The authors mention several established theories throughout the literature review (for example, the SIDE model). Why was this necessary?

Dillon, Neo, and Seely’s “Civil Keystrokes” (Ohio Communications Journal, 56, March 2018) is an excellent example of a research article summarizing a primary research study; it follows the established structure and includes all the standard disclosures that make a research article worthy of serious consideration and debate. Their study comprised a quantitative content analysis aimed at identifying relationships between anonymity and the civility and politeness of comments in the online comments sections found after the articles on daily newspaper websites. The researchers chose four newspapers based in Ohio given the state’s political importance during the presidential election years. For comparison purposes, they chose two newspapers that allowed commenters to be anonymous and two newspapers where the commenter was logged in using their personal Facebook account, thereby sharing their identity. The total content pool (sample) comprised 582 comments by 210 unique users across the four newspapers.

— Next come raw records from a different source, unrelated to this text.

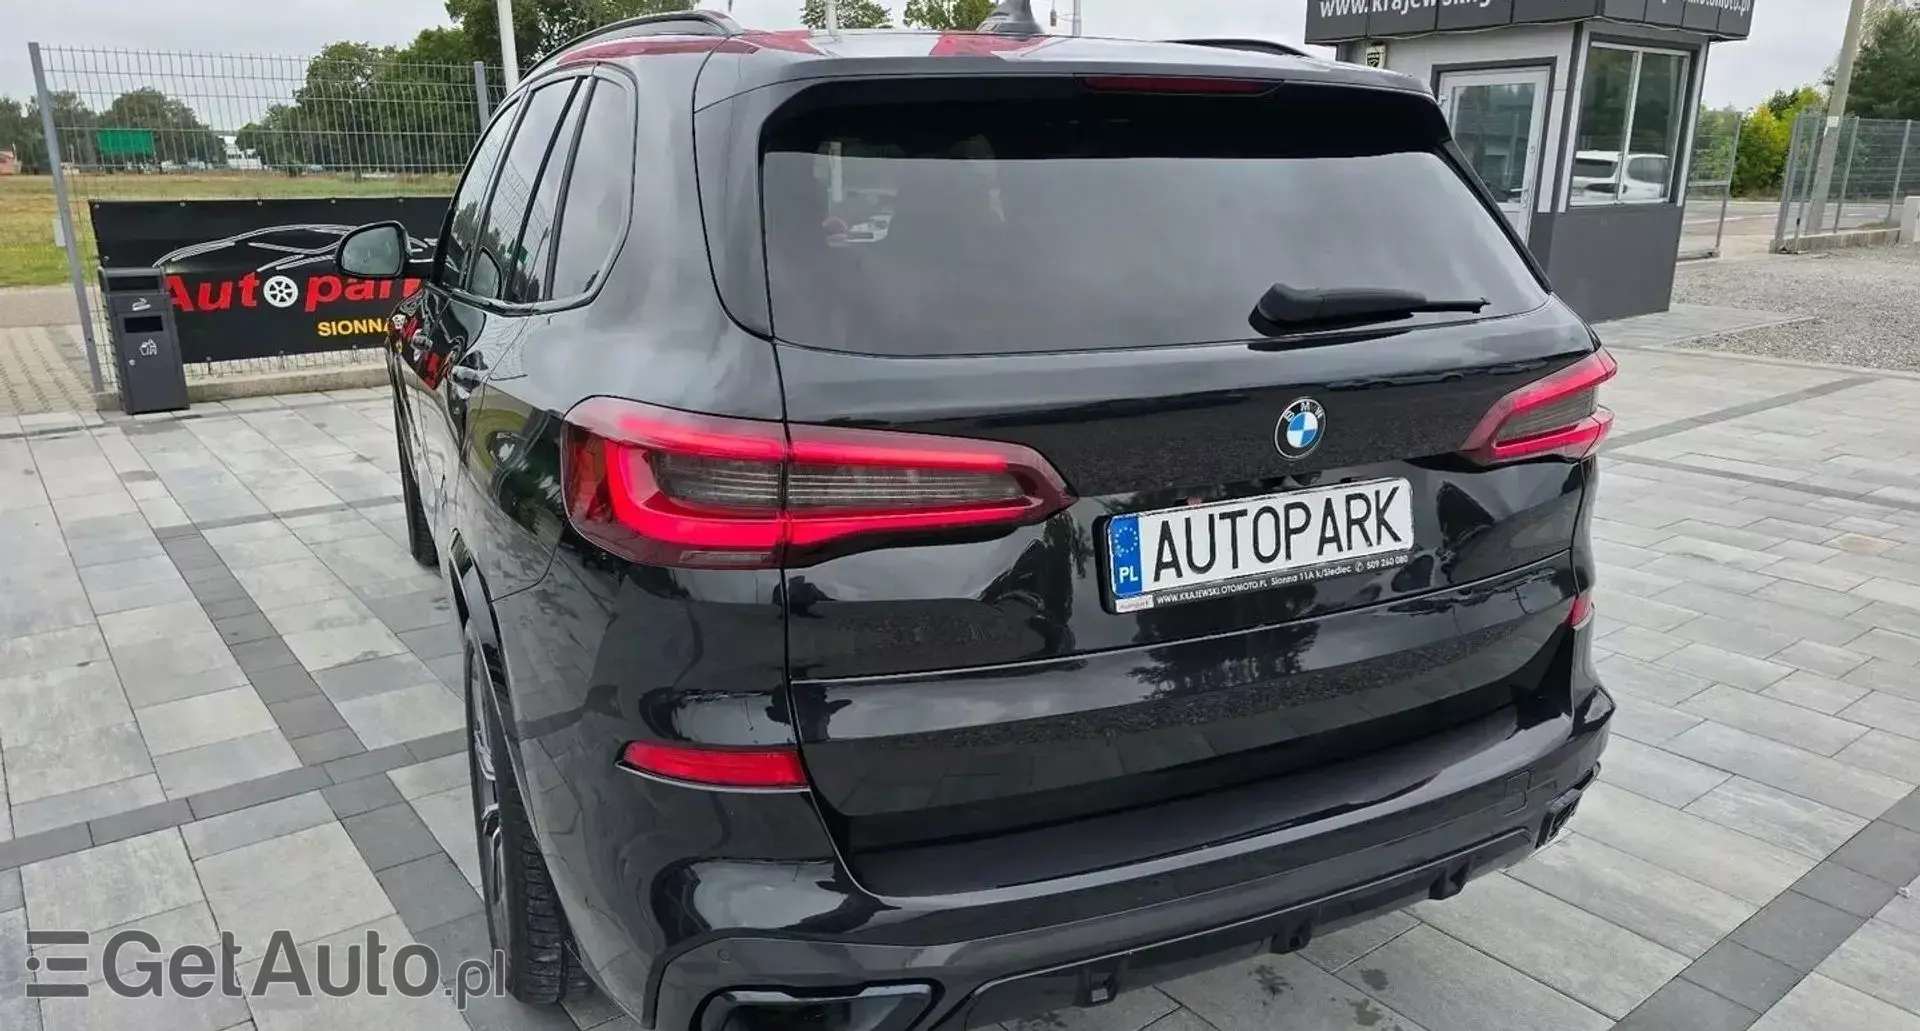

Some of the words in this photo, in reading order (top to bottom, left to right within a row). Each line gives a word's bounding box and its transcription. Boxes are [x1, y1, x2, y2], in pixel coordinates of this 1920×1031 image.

[1283, 401, 1324, 422] BMW
[1153, 485, 1402, 582] AUTOPARK
[1119, 565, 1139, 584] PL
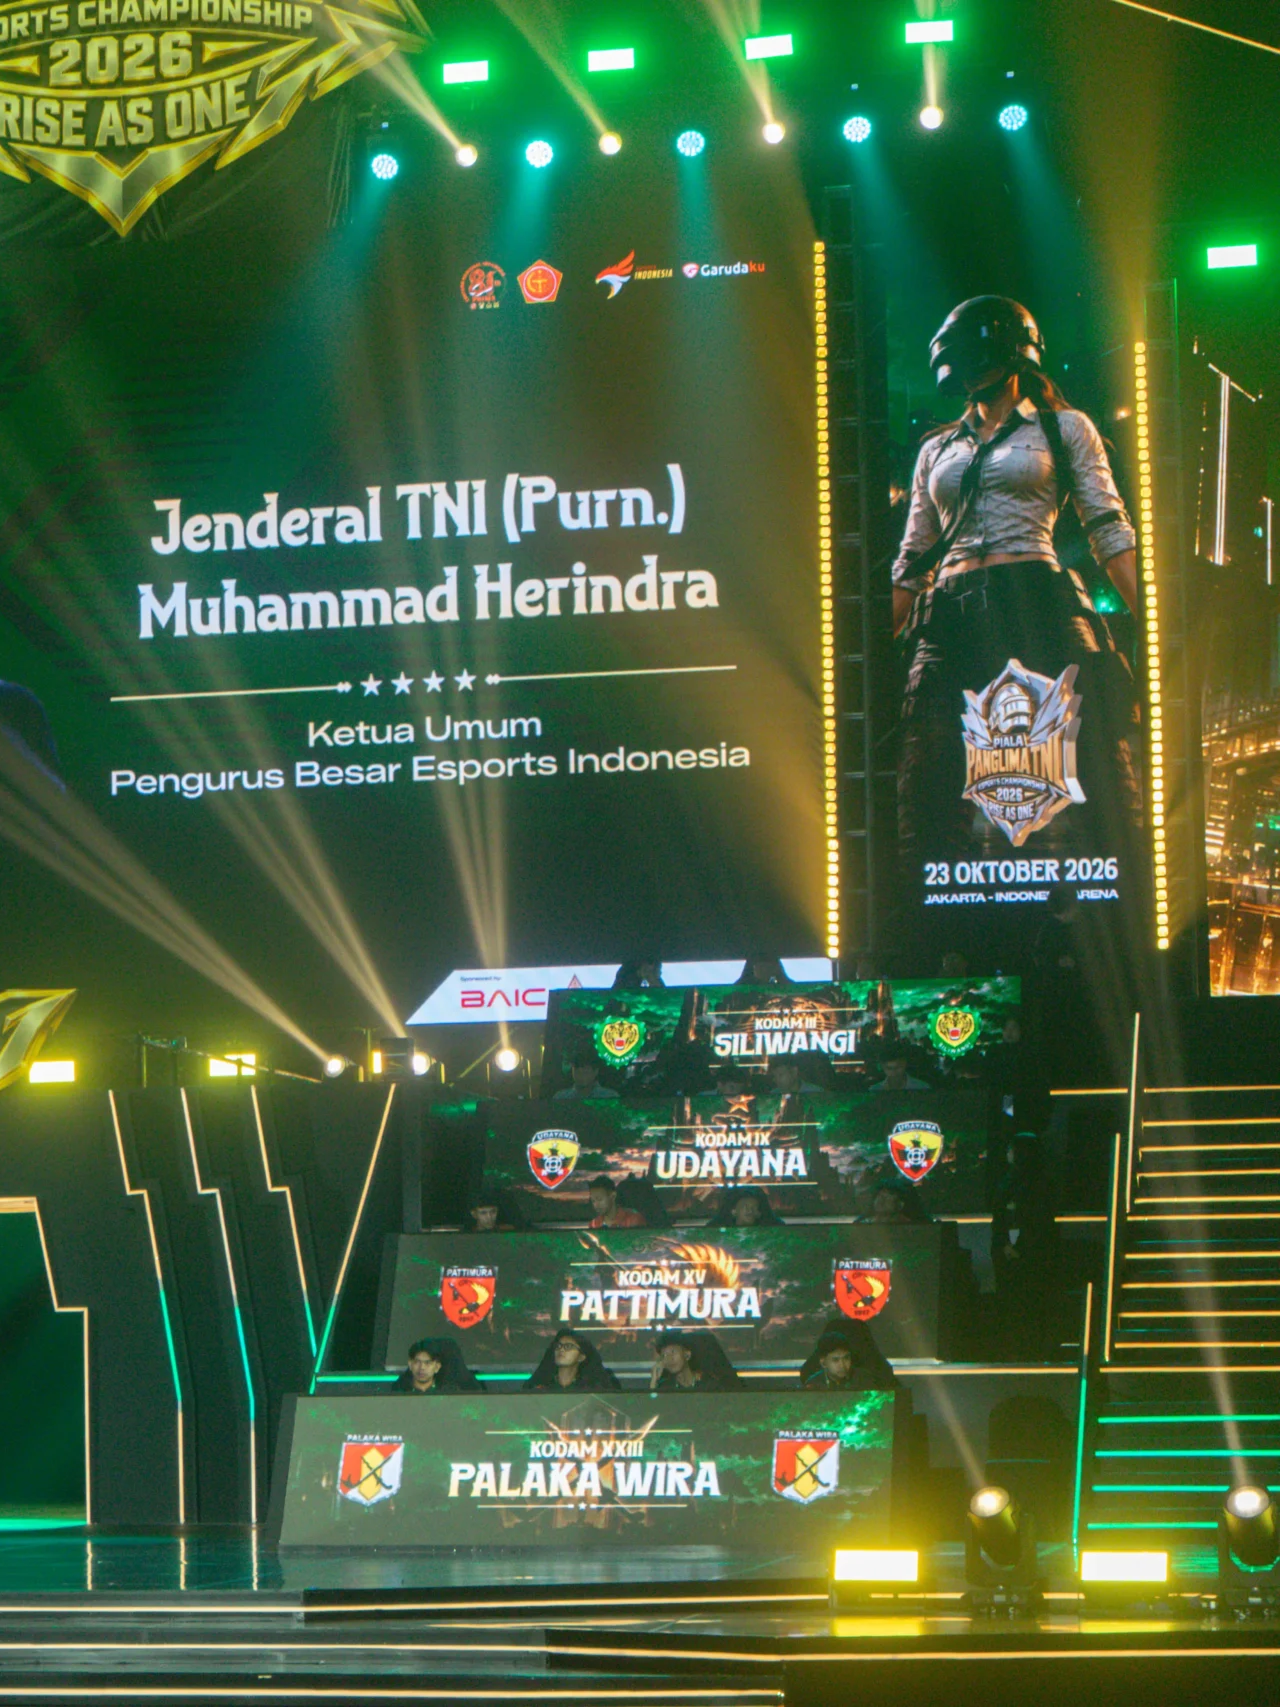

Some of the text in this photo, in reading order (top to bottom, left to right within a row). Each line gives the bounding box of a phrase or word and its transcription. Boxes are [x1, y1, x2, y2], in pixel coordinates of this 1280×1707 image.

[78, 0, 313, 29] CHAMPIONSHIP
[49, 31, 193, 86] 2026
[95, 97, 154, 146] AS
[166, 71, 254, 139] ONE
[634, 268, 673, 280] INDONESIA
[700, 261, 765, 277] Garudaku
[151, 463, 685, 555] Jenderal TNI (Purn.)
[137, 555, 719, 638] Muhammad Herindra
[308, 713, 542, 748] Ketua Umum
[993, 736, 1023, 748] PIALA
[111, 742, 751, 799] Pengurus Besar Esports Indonesia
[966, 743, 1032, 787] PANGLIMA
[996, 787, 1023, 802] 2026
[1005, 806, 1016, 820] AS
[1017, 803, 1034, 819] ONE
[925, 857, 1118, 885] 23 OKTOBER 2026
[925, 893, 986, 904] JAKARTA
[995, 891, 1050, 901] INDONE
[461, 988, 546, 1008] BAIC
[755, 1017, 817, 1030] KODAM III
[714, 1030, 856, 1057] SILIWANGI
[537, 1131, 574, 1140] UDAYANA
[695, 1132, 770, 1147] KODAM IX
[656, 1149, 807, 1178] UDAYANA
[446, 1268, 493, 1277] PATTIMURA
[839, 1260, 887, 1269] PATTIMURA
[618, 1269, 707, 1286] KODAM XV
[560, 1287, 761, 1321] PATTIMURA
[779, 1430, 813, 1438] PALAKA
[530, 1440, 643, 1458] KODAM XXIII
[448, 1461, 721, 1497] PALAKA WIRA
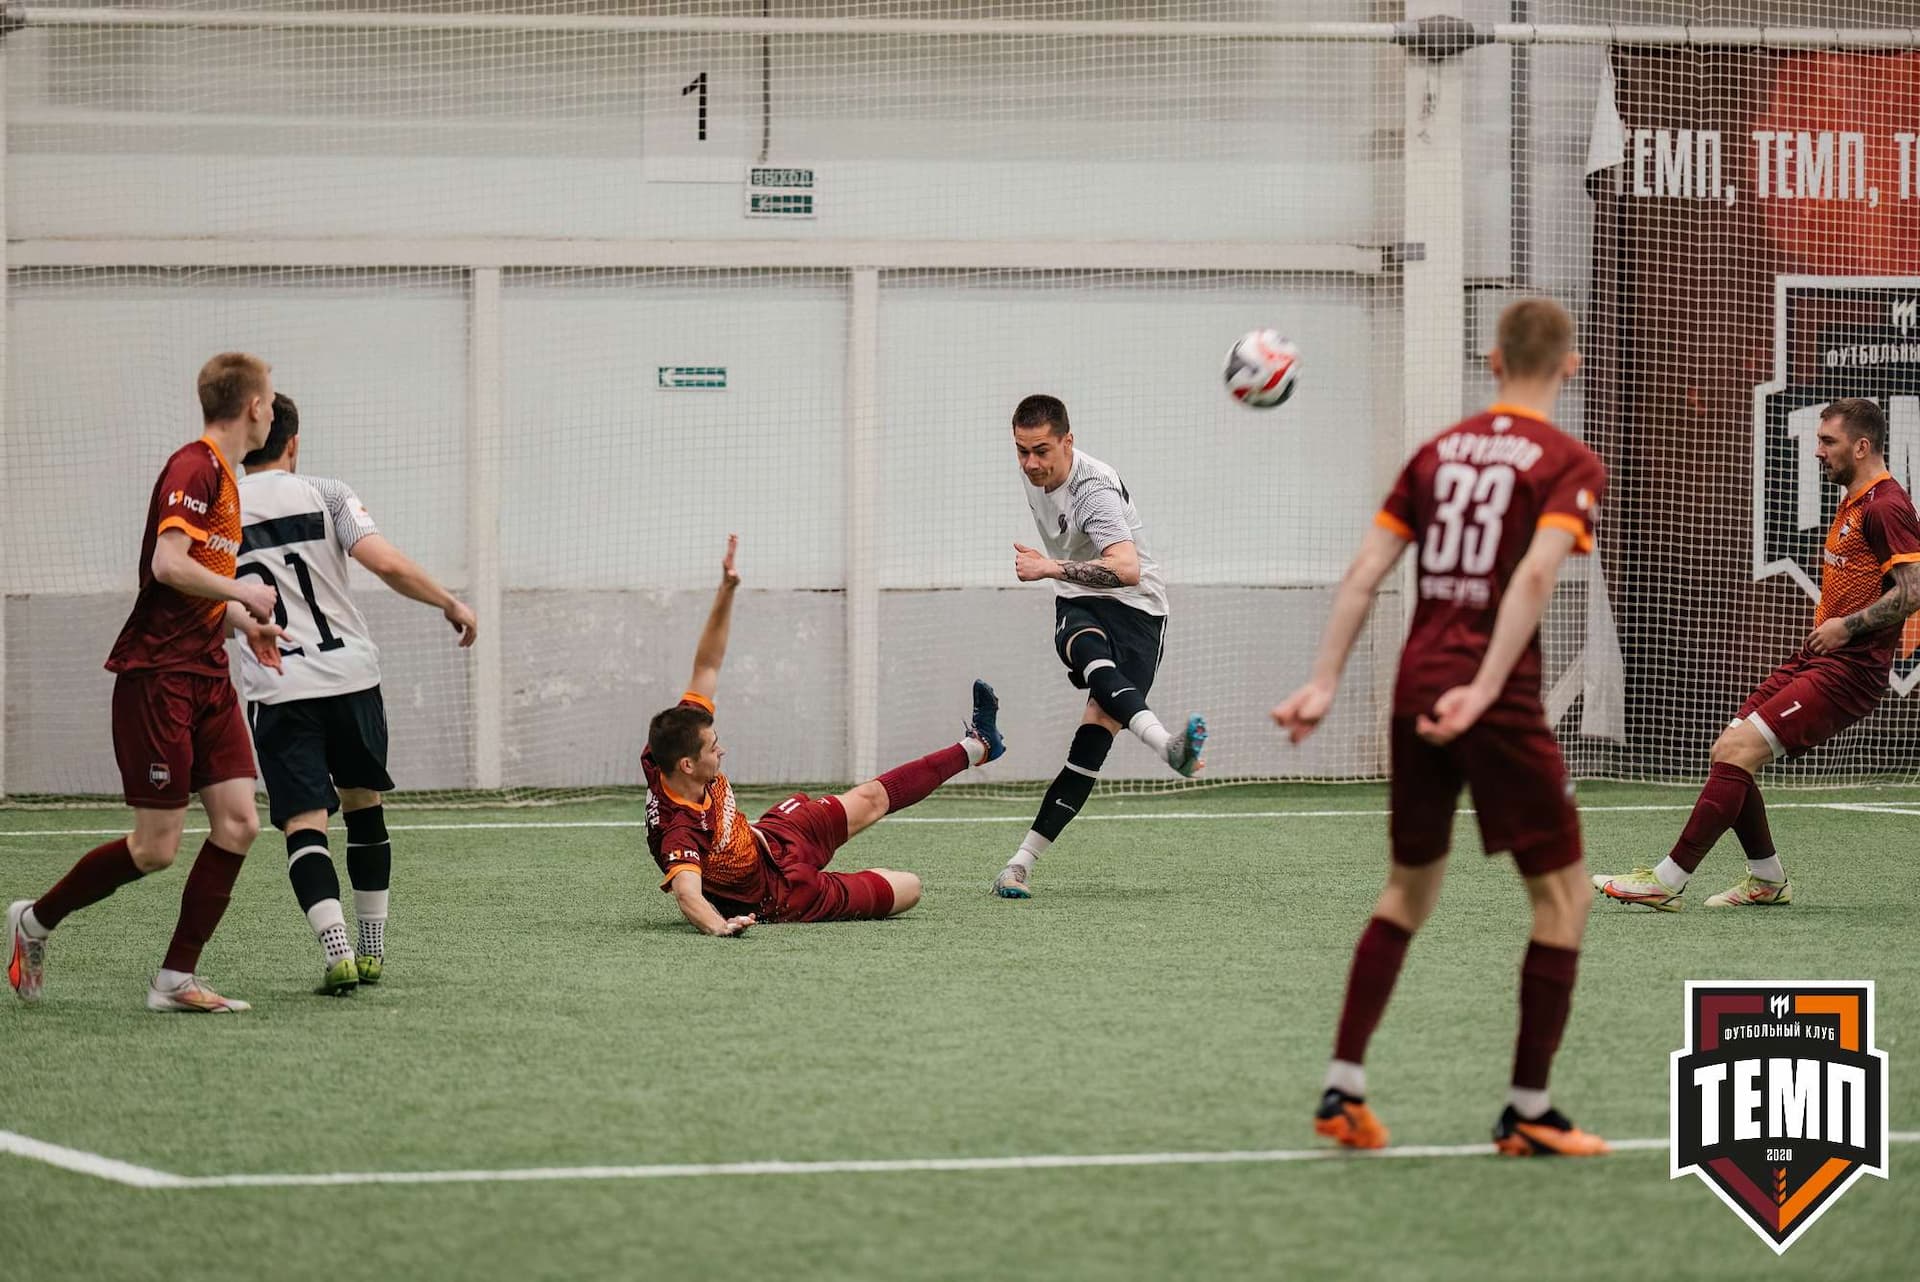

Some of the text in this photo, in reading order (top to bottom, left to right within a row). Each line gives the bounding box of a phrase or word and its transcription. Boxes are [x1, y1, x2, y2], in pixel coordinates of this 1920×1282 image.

[681, 72, 708, 141] 1
[1752, 130, 1879, 208] ТЕМП,
[183, 495, 208, 515] ПСБ
[1420, 462, 1516, 575] 33
[1780, 700, 1802, 718] 1
[778, 798, 801, 815] 11
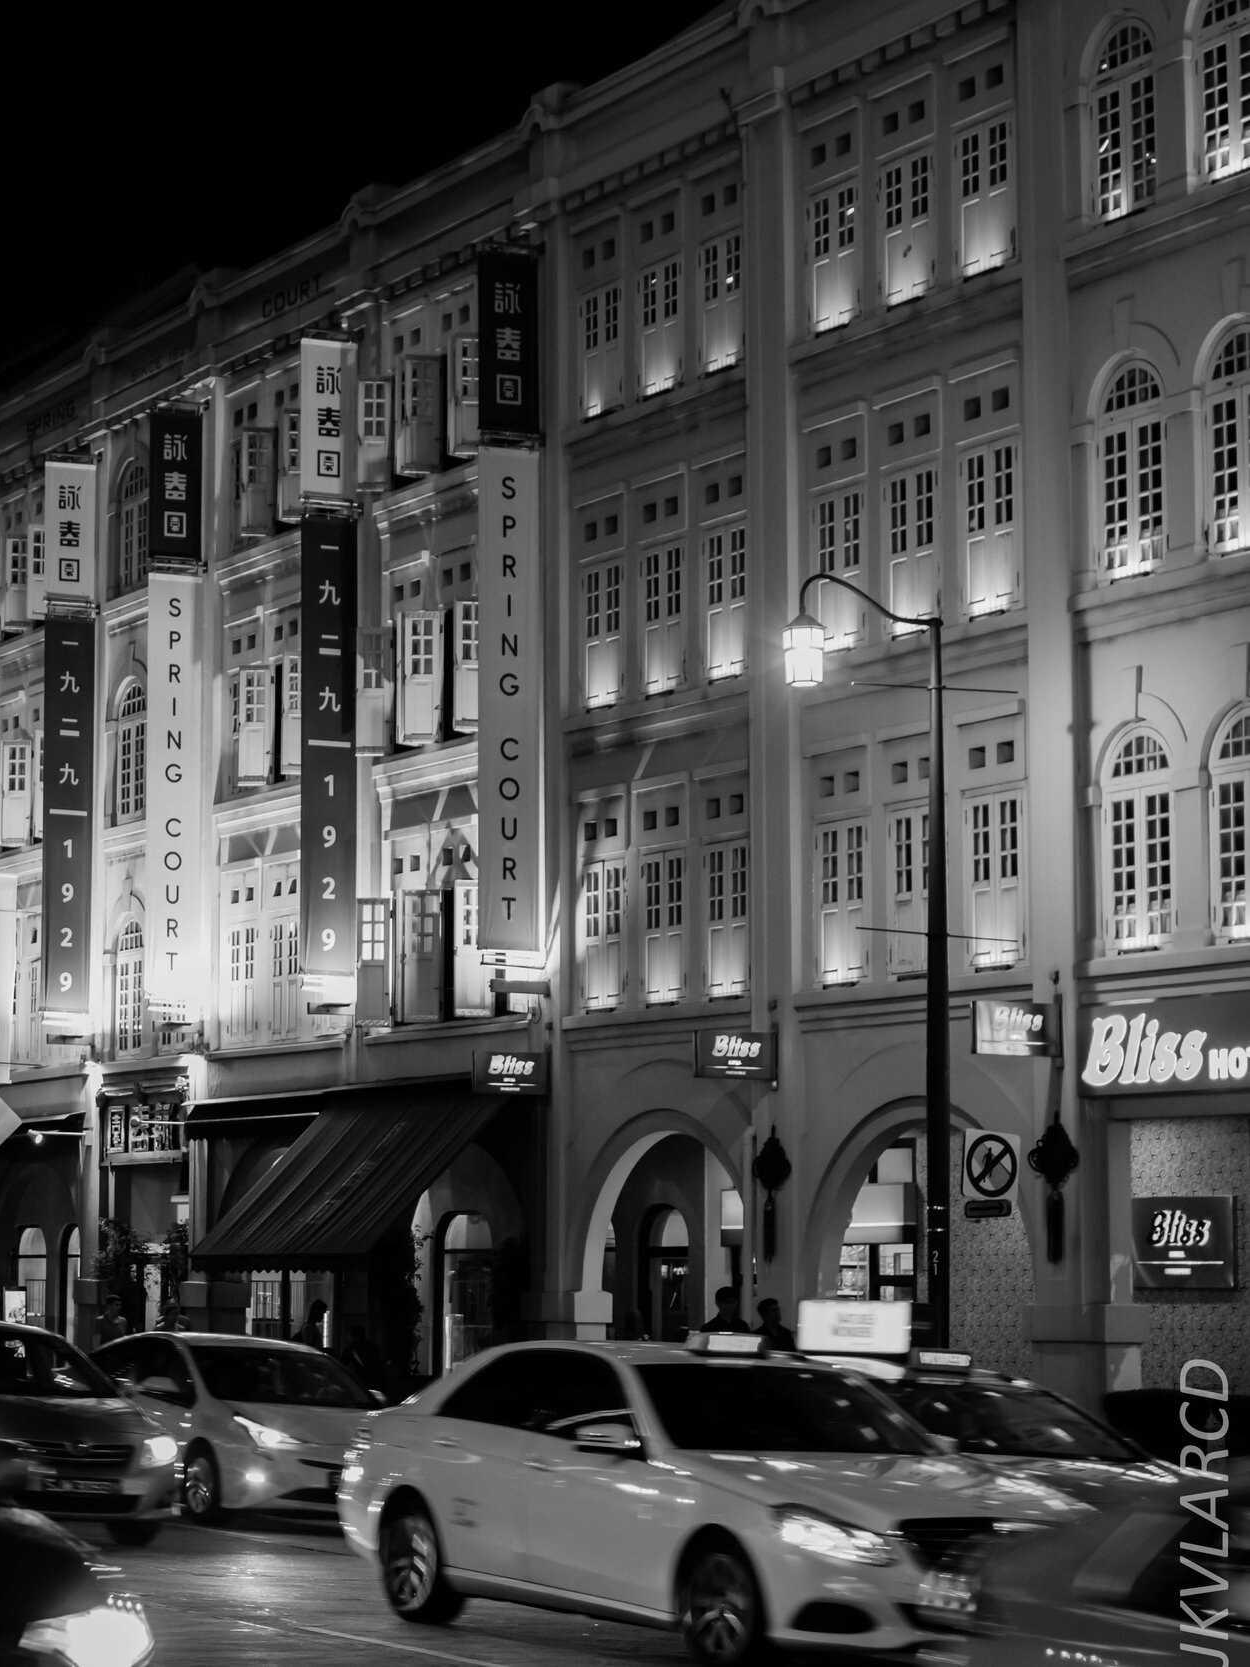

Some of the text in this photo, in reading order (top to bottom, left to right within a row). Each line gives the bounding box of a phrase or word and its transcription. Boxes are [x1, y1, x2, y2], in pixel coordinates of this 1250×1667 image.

While I don’t agree with the boldness of the authors’ opening sentence under Discussion (“Our current study found civility and politeness, and possibly rationality, are hard to come by when users are anonymous to others”), the study did indeed conclude, with statistical significance (p < 0.001), that anonymity in general produces MORE comments and those comments are also LESS civil and LESS polite than comments from user-identified accounts. This may not be surprising to most of us, but the authors take pains to point out that this study fills gaps in the literature: for example, it’s the first such study to measure comments on the same news article (the AP story was syndicated to all four papers) during the same period; it’s the first study to clearly define civility and politeness as separate metrics (earlier research had conflated the concepts); etc. I found this last point of particular interest: Papacharissi’s (2004) view of civility as a form of “collective politeness, as such people denigrating entire social categories of people is a form of incivility,” was a novel way of explaining the difference. One positive finding, in my opinion, is that commenters of both types are more likely to assign stereotypes (a form of incivility, according to the authors) to “non-present others” than to their interlocutors (discussants) in the forum, which means, I suppose, that we humans are more likely to deindividuate (or dehumanize) an amorphous group of other people than we are the real person we’re interacting with. By the way, one thing I appreciate about this study is the authors’ contextualizing, particularly in the literature review, around the importance of open expression, specifically the potential value of incivility-breeding passion when discussing politics, for the health of democracy. I found that interestingly counter-intuitive.

Of course, the authors also recognized the inherent limitations in their methods, including the fact that just because a user has a Facebook account, that doesn’t mean they’re a real person (as opposed to a bot) or who they say they are. Given that the study involved latent content analysis (in which humans are required to read, evaluate, and categorize comments) rather than manifest content analysis (in which simply the presence of a word or image determines a comment’s categorization), they also recognized that their coding of comments by fallible human beings leaves room for bias, although, to their great credit, they conducted a pretest to ensure coders were being consistent (this is referred to as interrater reliability). I also must bring up the timing of the study: the 2012 election seems like a century ago; the 2016 election and Trump’s presidency brought about (or at least coincided with) dramatically increased divisiveness, intensified rhetoric, and plummeting trust in the news media, so it’s natural to wonder how the results of this study would be different if conducted a mere decade later in 2023.

After reading the article in its entirety, please respond to at least two of the following questions, each answer citing an excerpt from the study, and reply to your classmates throughout the week:

  1. The authors mention several established theories throughout the literature review (for example, the SIDE model). Why was this necessary? What purpose does this serve? In your response, cite at least one example/excerpt from the study.
  2. Aside from those mentioned by the authors, what other research limitations can you think of that would make one question the reliability of the results? Provide details. In your response, cite at least one example/excerpt from the study.
  3. Most people would naturally assume that anonymity breeds less civility online. So, why was this research necessary? Did the authors address this assumption in their report? In your response, cite at least one example/excerpt from the study.